Neonatal Transitional Physiology:

A New Paradigm

Early clamping of the umbilical cord at birth, a practice developed without adequate evidence,

causes neonatal blood volume to vary 25% to 40%. Such a massive change occurs at no other

time in one's life without serious consequences, even death. Early cord clamping may impede

a successful transition and contribute to hypovolemic and hypoxic damage in vulnerable newborns.

The authors present a model for neonatal transition based on and driven by adequate blood

volume rather than by respiratory effort to demonstrate how neonatal transition most likely occurs

at a normal physiologic birth. Key words: capillary erection, cardiopulmonary adaptation,

the first breath, hypovolemia, neonatal blood volume, neonatal transition, nuchal cord, placental

transfusion, polycythemia, postpartum placental respiration, umbilical cord clamping

Judith S. Mercer, CNM, DNSc, FACNM

Rebecca L. Skovgaard, CNM, MS

Specializes in Midwifery.
Thanks for the links. I just wish I could find an actual quality study. I looked in one of my texts (Maternal, Fetal, and Neonatal Physiology. Blackburn, Susan, 2007) It says "no disadvantage was found for term infants placed in the mother's abdomen with delay of clamping until cessation of pulsations...late cord clamping is associated with increased initial blood volume, which may be important for early transition...late clamping or clamping after cessation of pulsations was associated with a transient polycythemia, peaking at up to 12 hours after birth, with a return to normal ranges by 24 to 36 hours. No adverse affects of this polycythemia were noted." (bolding mine) (p 247) so it seems to me that like many obstetrics policies, this one is not as evidence-based as we would like.

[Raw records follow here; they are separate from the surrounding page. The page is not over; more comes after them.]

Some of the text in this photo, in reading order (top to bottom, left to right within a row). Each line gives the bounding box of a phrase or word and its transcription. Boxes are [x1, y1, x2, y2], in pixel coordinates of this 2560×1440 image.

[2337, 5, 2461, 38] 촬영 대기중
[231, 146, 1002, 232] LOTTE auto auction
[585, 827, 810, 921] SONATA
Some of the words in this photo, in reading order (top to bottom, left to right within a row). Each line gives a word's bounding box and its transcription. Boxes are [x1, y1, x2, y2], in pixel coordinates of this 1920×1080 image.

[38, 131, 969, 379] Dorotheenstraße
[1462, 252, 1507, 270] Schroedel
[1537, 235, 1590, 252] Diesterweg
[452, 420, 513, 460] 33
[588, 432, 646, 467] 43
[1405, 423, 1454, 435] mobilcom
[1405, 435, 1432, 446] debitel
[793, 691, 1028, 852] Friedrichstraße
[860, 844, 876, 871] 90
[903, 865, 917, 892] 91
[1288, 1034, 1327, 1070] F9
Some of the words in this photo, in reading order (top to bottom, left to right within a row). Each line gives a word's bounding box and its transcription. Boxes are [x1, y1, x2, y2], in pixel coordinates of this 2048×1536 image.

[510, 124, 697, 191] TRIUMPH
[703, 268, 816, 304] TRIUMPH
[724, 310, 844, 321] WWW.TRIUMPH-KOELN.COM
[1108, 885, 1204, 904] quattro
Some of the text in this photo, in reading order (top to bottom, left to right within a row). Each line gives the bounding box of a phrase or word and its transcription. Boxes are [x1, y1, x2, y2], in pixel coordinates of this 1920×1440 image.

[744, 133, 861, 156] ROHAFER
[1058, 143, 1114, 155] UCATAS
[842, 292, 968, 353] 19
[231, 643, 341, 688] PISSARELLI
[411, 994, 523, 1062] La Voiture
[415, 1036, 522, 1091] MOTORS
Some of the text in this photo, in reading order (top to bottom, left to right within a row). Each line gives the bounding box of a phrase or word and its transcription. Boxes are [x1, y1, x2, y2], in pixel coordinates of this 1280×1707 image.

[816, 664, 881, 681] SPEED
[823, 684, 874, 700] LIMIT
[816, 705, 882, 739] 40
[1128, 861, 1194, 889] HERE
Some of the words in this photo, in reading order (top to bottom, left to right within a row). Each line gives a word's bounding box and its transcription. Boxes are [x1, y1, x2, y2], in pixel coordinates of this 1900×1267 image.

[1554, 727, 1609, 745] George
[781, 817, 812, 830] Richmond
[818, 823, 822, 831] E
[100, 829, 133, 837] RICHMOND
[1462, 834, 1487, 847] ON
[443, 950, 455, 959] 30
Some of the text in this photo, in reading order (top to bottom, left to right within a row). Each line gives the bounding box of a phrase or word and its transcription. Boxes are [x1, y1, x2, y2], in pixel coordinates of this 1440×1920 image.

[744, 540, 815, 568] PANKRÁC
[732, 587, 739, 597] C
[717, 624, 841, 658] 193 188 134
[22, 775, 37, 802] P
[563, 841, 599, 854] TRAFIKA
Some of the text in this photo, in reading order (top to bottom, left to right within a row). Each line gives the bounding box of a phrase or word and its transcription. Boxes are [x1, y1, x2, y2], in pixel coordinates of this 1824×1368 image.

CEG the JAMA systematic review should do the trick for you as quoted in a post above. There have been multiple RCTs done on the subject. This paper also summarises the studies done and there results... Polycythemia is transient and not an issue in most newborns. Nor is the supposed increased jaundice.

BMJ 2006;333;954-958

Patrick F van Rheenen and Bernard J Brabin

A practical approach to timing cord clamping in resource poor settings.

CEG the JAMA systematic review should do the trick for you as quoted in a post above. There have been multiple RCTs done on the subject. This paper also summarises the studies done and there results... Polycythemia is transient and not an issue in most newborns. Nor is the supposed increased jaundice.

BMJ

2006;333;954-958

Patrick F van Rheenen and Bernard J Brabin

A practical approach to timing cord clamping in resource poor settings.

Thanks. OzMw. I am firmly on the late clamping side! I was hoping to get some info from the "other side" as it's a very prevalent belief here that late cord clamping causes problems. Thanks for the additional info and all the informative posts.